The trial’s main efficacy end point focused on the 7,243 enrolled patients who were younger than 75 years old. During a median follow-up of 17 months and as long as 30 months, patients treated with prasugrel had a 13.9% rate of the primary, combined end point of cardiovascular death, myocardial infarction, or stroke, compared with a 16% rate among patients randomized to clopidogrel. This difference did not reach statistical significance, reported Dr. Roe, a Duke cardiologist.
The trial included a prespecified, secondary analysis that focused on recurrent cardiovascular events (not just the incidence of initial events used for the primary analysis). Total recurrent events occurred in 459 patients treated with prasugrel and 530 patients treated with clopidogrel, a 15% relative hazard reduction in favor of prasugrel that reached statistical significance.
In addition, the rate of the primary efficacy end point in the two treatment arms was virtually identical during the first 12 months of follow-up. Subsequently the two arms showed a clear split, with the prasugrel-treated patients having a significant, 28% reduced rate of primary outcomes after the study’s first 12 months, a statistically significant difference in a post-hoc analysis.

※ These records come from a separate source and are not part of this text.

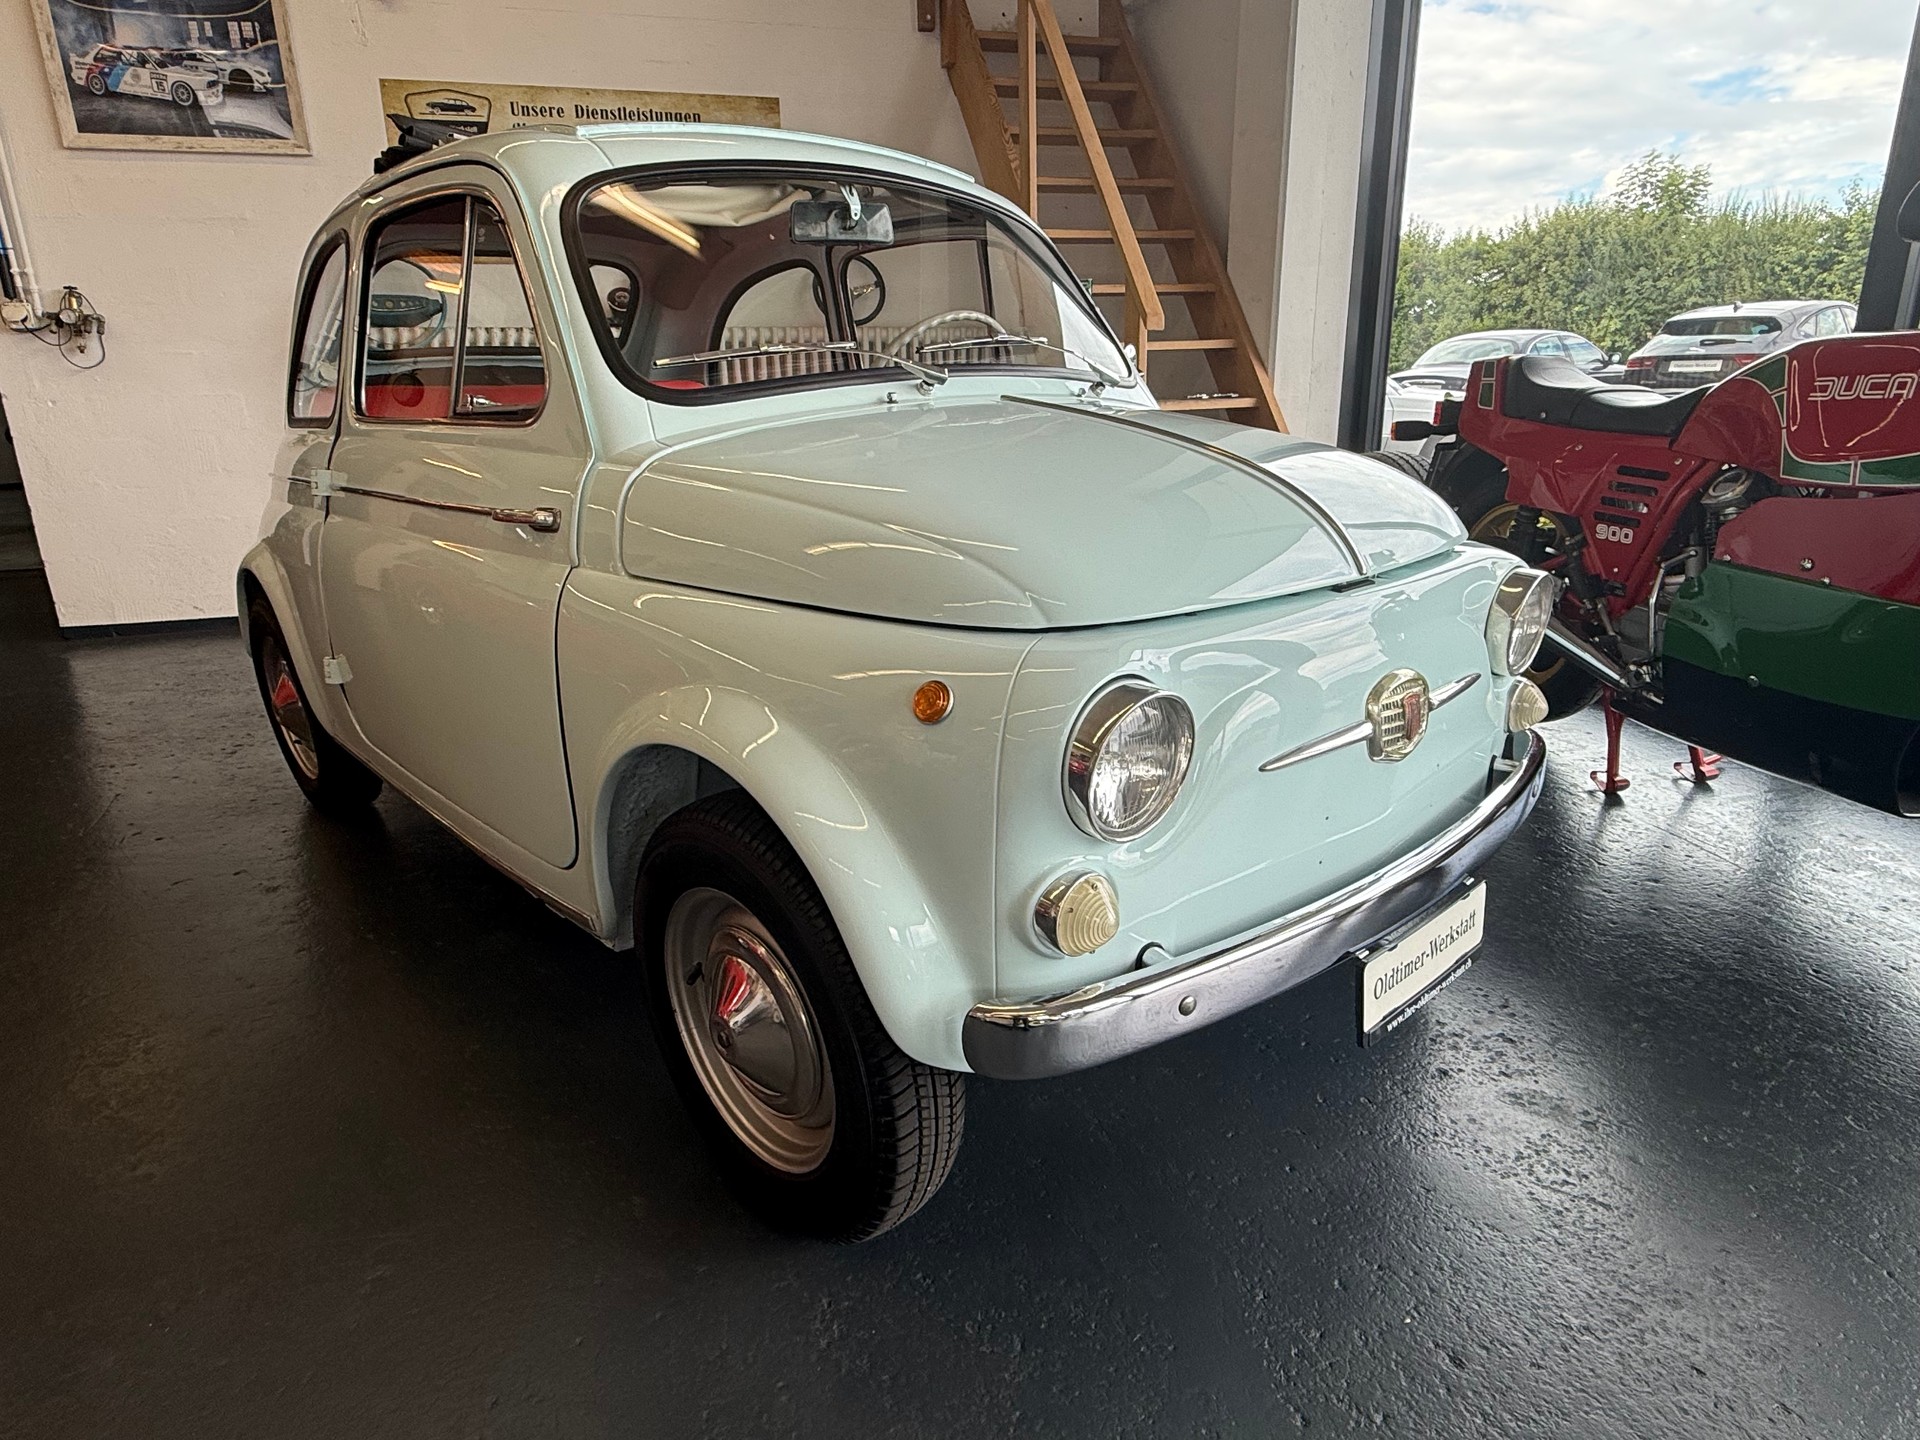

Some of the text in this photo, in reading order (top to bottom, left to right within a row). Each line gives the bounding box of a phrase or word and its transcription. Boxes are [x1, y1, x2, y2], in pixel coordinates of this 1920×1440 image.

[155, 81, 166, 92] 15
[510, 101, 702, 123] Unsere Dienstleistungen
[1807, 373, 1920, 400] DUCA
[1595, 523, 1634, 544] 900
[1373, 909, 1477, 1000] Oldtimer-Werkstatt

The delayed benefit from prasugrel compared with clopidogrel in this trial contrasted with the TRITON-TIMI 38 results, which showed an immediate benefit from prasugrel in patients who underwent percutaneous coronary interventions. A likely explanation is that the highly thrombogenic stents that the TRITON-TIMI 38 patients received posed an acute thrombotic risk, while thrombotic events occurred more slowly in the medically managed patients enrolled in TRILOGY ASC, Dr. Antman suggested in an interview.